(Dataset items)
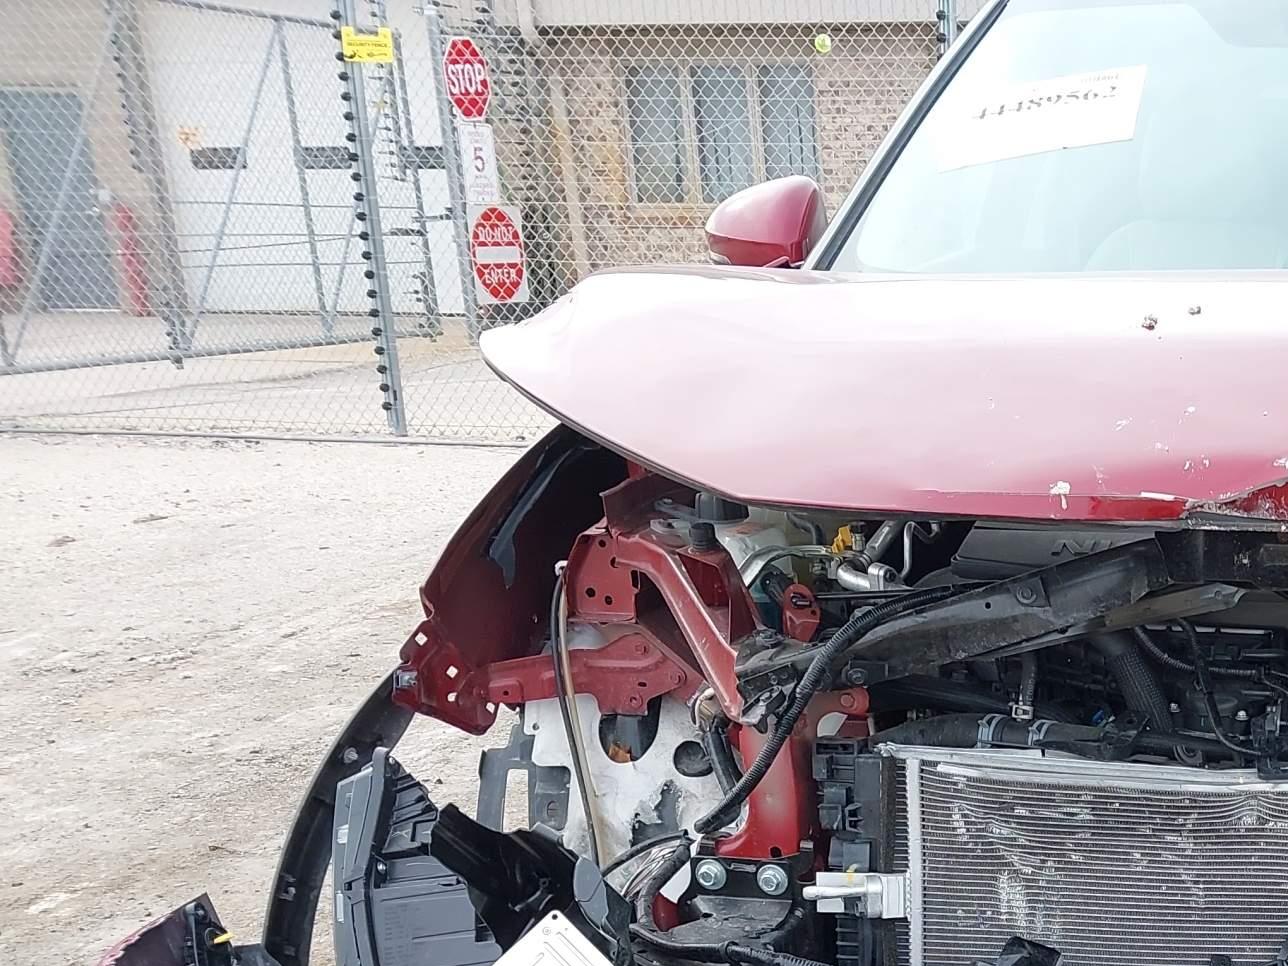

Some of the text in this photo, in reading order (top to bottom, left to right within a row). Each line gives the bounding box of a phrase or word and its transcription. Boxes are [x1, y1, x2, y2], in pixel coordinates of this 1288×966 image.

[447, 63, 485, 95] STOP
[473, 146, 486, 173] 5
[479, 226, 513, 241] DO NOT
[484, 267, 517, 284] ENTER

Exercise directions.
In the copy, include every line of the entries above exactly and none of the pictures.

The completed task.
Some of the text in this photo, in reading order (top to bottom, left to right within a row). Each line gives the bounding box of a phrase or word and its transcription. Boxes are [x1, y1, x2, y2], in pixel coordinates of this 1288×966 image.

[447, 63, 485, 95] STOP
[473, 146, 486, 173] 5
[479, 226, 513, 241] DO NOT
[484, 267, 517, 284] ENTER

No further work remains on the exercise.